CHEYENNE – With the deadline approaching to submit bids to replace the nation’s ground-based nuclear missiles, including those at F.E. Warren Air Force Base, only one company is openly preparing an offer.
The contract for the U.S. Air Force’s Ground-Based Strategic Deterrent program is to replace the Minuteman III intercontinental ballistic missiles, which became operational in the mid- 1960s.
Until July, two companies – Northrop Grumman and Boeing – were preparing to submit bids to the Air Force Acquisition Office. That month, Boeing announced it would not place a bid on the project, leaving Northrop Grumman as the only remaining option.
Since then, Boeing has expressed interest in submitting a joint bid with Northrop Grumman, as Boeing spokeswoman Dee Russell said the company could provide valuable expertise, given its long-standing contracting work on the Minuteman missiles.
“We are increasingly concerned that the Air Force’s deterrence mission and the nation’s security will be deprived of the best solution – a proven approach that leverages both companies’ technical strengths and decades of (intercontinental ballistic missile) experience,” Russell said in a statement.
On Sept. 16, Northrop Grumman announced a partnership with several companies in the defense, engineering, cybersecurity and related industries. Boeing was not among those partners, which would work on the project if Northrop Grumman is selected.
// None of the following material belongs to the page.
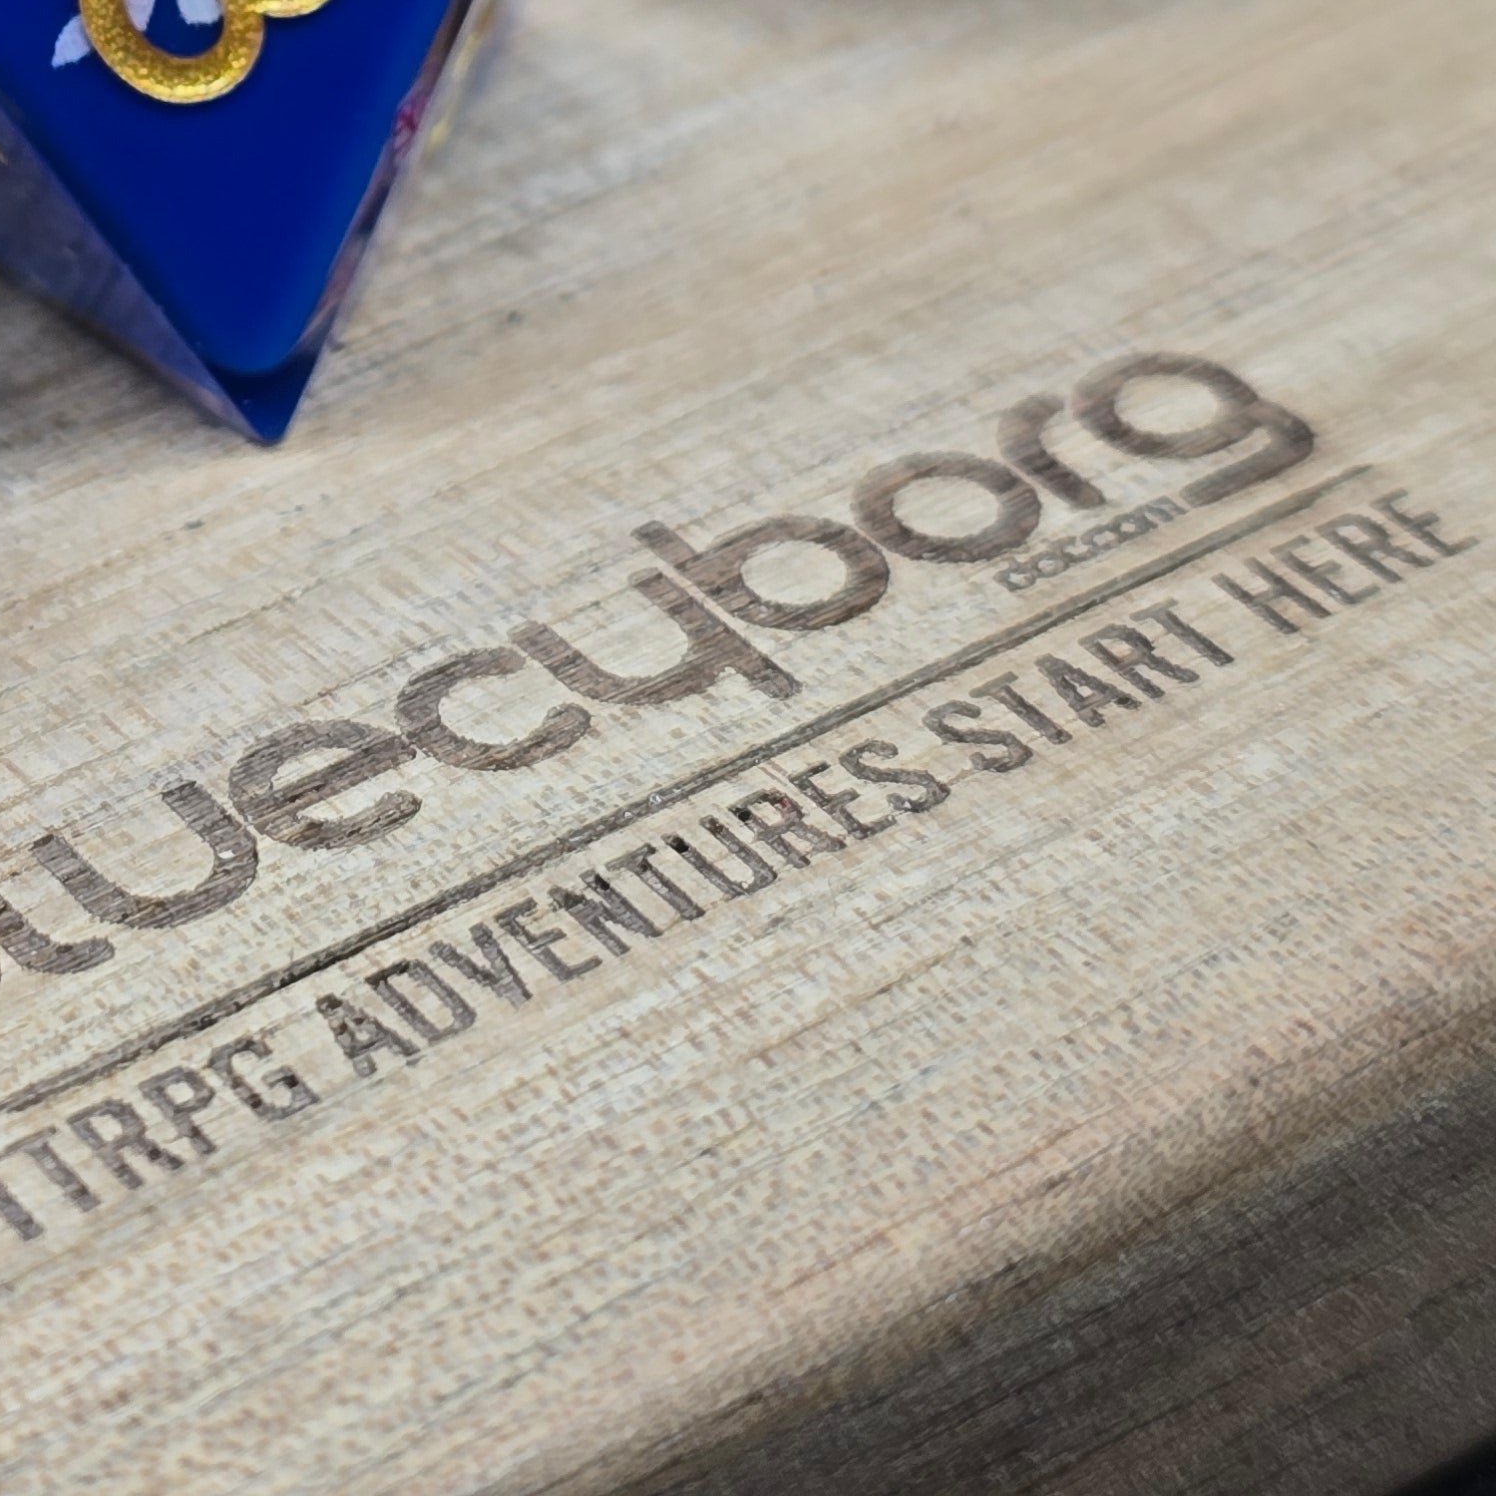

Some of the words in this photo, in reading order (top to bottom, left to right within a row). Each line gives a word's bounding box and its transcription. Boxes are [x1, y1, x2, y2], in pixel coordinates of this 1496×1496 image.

[315, 737, 952, 1076] ADVENTURES
[922, 598, 1235, 774] START
[1211, 487, 1480, 635] HERE
Among those included in the partnership was Lockheed Martin, a security and aerospace company that was initially in competition for the project before failing to make the cut down to two in 2017.
As Northrop Grumman moves forward with its newly assembled team, the Dec. 16 deadline will reveal whether Boeing has actually withdrawn, Greater Cheyenne Chamber of Commerce President Dale Steenbergen said.
“We’ll see if Boeing is positioning and what happens between now and then,” Steenbergen said.
Steenbergen said after the submittals in December, his organization will become more involved in finding opportunities for local businesses to work on the project.
The local economic impact of the project has been estimated to be between $4 billion and $7 billion, Steenbergen said, though that impact would be spread over the 15-year lifespan of the project. That estimate was calculated by considering job creation, economic benefits for existing businesses and residual effects.
“We’re early in this process, so we’re just trying to work with contractors to give some idea of what the economic impact is,” Steenbergen said, adding that “$4 (billion) to $7 billion is a very wide margin, but as we get closer to it, we’ll get tighter (estimates).”
F.E. Warren Air Force Base in Cheyenne is one of three strategic nuclear missile bases in the U.S., along with Minot Air Force Base in North Dakota and Malmstrom Air Force Base in Montana. All three bases would be covered by the project, which is estimated to cost more than $90 billion.
Though there may just be one option, the winning bidder will be announced in the fall of 2020.